EXERCISE DESCRIPTION
Copy the records that follow exactly as written, but not their pictures.

── GIVEN ENTRIES ──

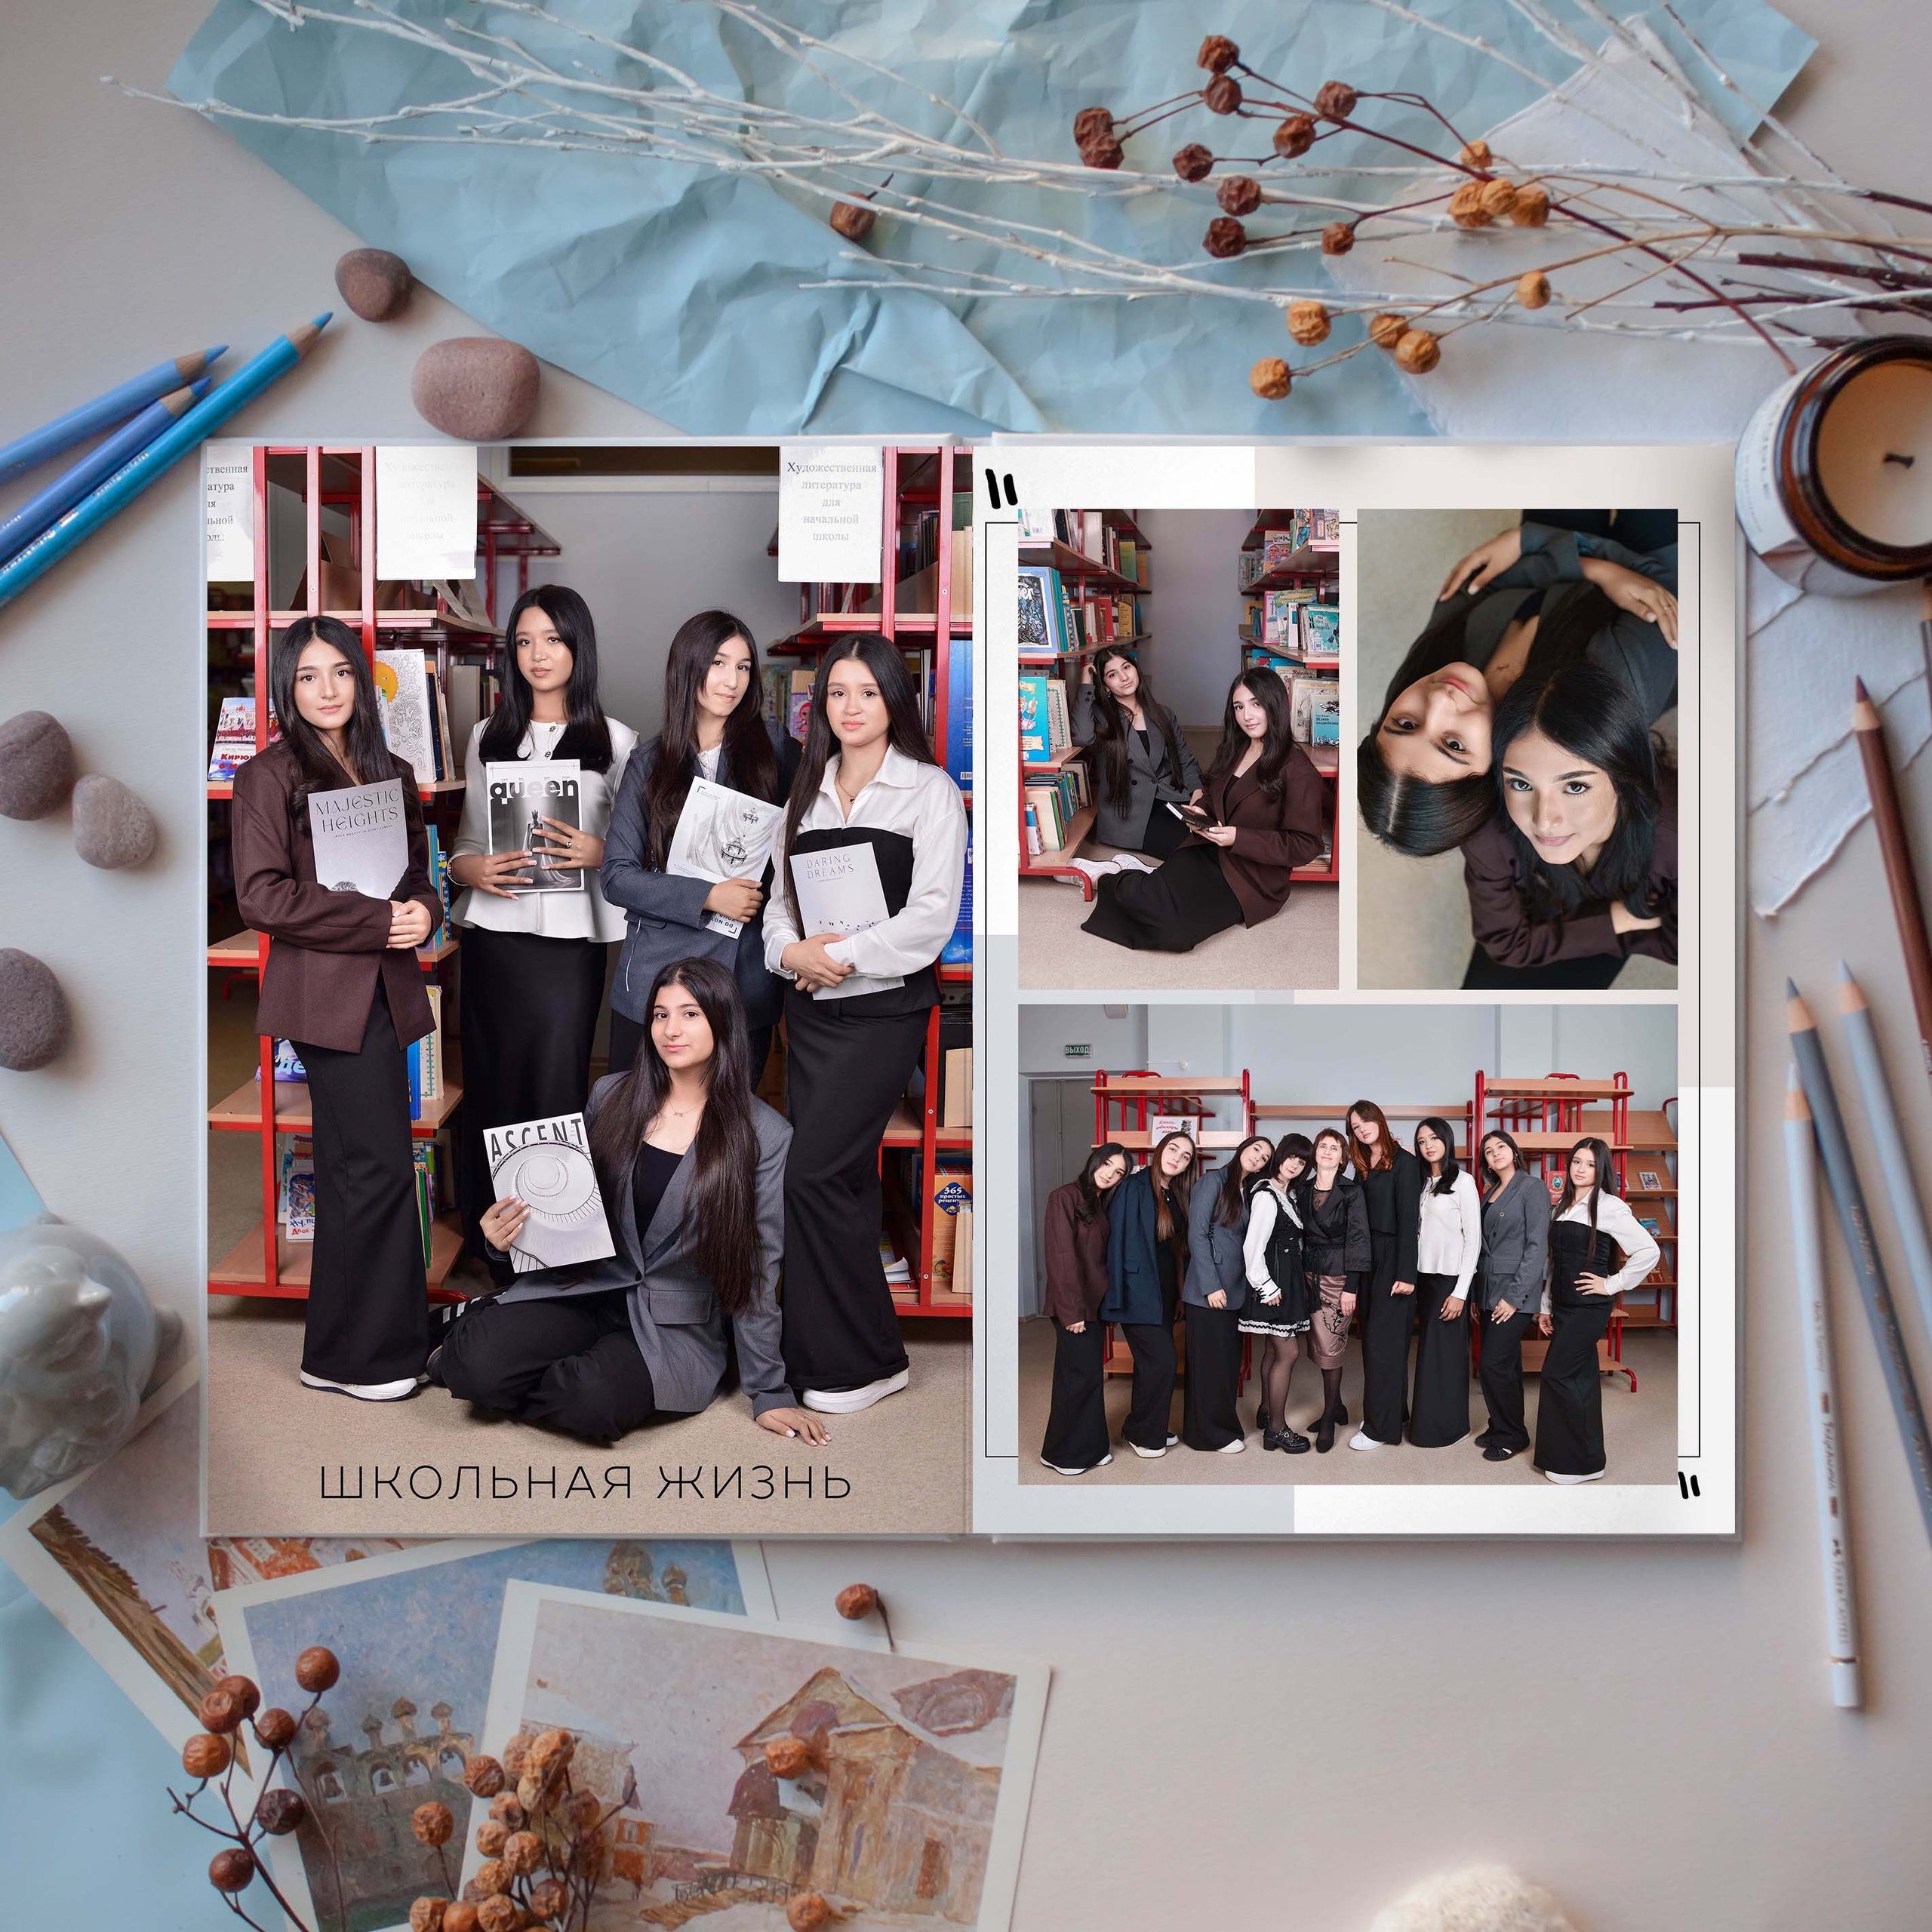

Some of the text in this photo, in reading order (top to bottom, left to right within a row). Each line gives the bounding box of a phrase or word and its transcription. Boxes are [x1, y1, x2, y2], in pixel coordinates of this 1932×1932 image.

[787, 462, 877, 475] Художественная
[801, 481, 862, 492] литература
[821, 499, 841, 507] для
[803, 514, 859, 524] начальной
[813, 533, 849, 541] школы
[490, 780, 579, 804] queen
[315, 788, 399, 815] MAJESTIC
[322, 806, 398, 832] HEIGHTS
[806, 854, 851, 869] DARING
[807, 864, 854, 879] DREAMS
[1065, 1046, 1089, 1055] ВЫХОД
[491, 1118, 583, 1163] ASCENT
[943, 1186, 962, 1195] 365
[320, 1465, 851, 1500] ШКОЛЬНАЯ ЖИЗНЬ
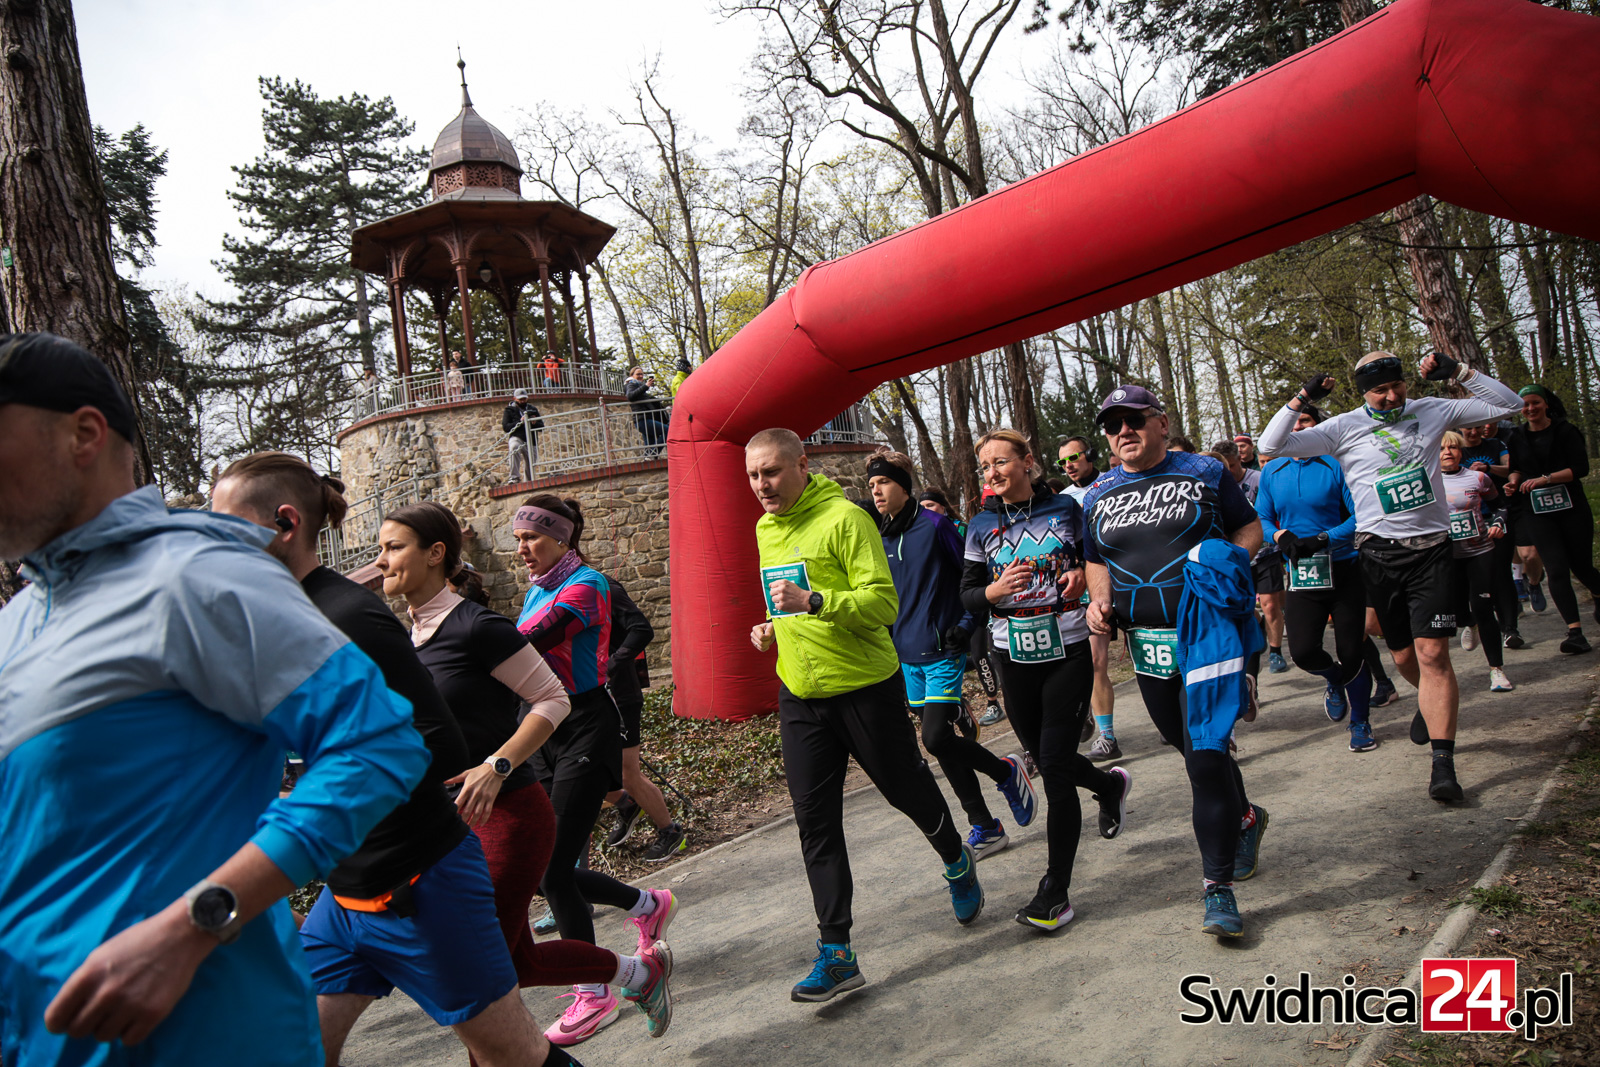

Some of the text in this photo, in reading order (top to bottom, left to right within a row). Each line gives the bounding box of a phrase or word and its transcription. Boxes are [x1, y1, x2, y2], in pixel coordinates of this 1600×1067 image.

[1092, 481, 1205, 523] PREDATORS
[1387, 480, 1426, 504] 122
[1537, 493, 1564, 507] 156
[516, 511, 556, 527] RUN
[1448, 519, 1472, 534] 63
[1298, 566, 1320, 580] 54
[1013, 629, 1052, 652] 189
[1142, 643, 1173, 667] 36
[979, 658, 995, 693] adidas

───

RESPONSE AREA
Some of the text in this photo, in reading order (top to bottom, left to right within a row). Each line gives the bounding box of a phrase or word and its transcription. Boxes are [x1, y1, x2, y2], in pixel coordinates of this 1932×1932 image.

[787, 462, 877, 475] Художественная
[801, 481, 862, 492] литература
[821, 499, 841, 507] для
[803, 514, 859, 524] начальной
[813, 533, 849, 541] школы
[490, 780, 579, 804] queen
[315, 788, 399, 815] MAJESTIC
[322, 806, 398, 832] HEIGHTS
[806, 854, 851, 869] DARING
[807, 864, 854, 879] DREAMS
[1065, 1046, 1089, 1055] ВЫХОД
[491, 1118, 583, 1163] ASCENT
[943, 1186, 962, 1195] 365
[320, 1465, 851, 1500] ШКОЛЬНАЯ ЖИЗНЬ

Some of the text in this photo, in reading order (top to bottom, left to right within a row). Each line gives the bounding box of a phrase or word and its transcription. Boxes are [x1, y1, x2, y2], in pixel coordinates of this 1600×1067 image.

[1092, 481, 1205, 523] PREDATORS
[1387, 480, 1426, 504] 122
[1537, 493, 1564, 507] 156
[516, 511, 556, 527] RUN
[1448, 519, 1472, 534] 63
[1298, 566, 1320, 580] 54
[1013, 629, 1052, 652] 189
[1142, 643, 1173, 667] 36
[979, 658, 995, 693] adidas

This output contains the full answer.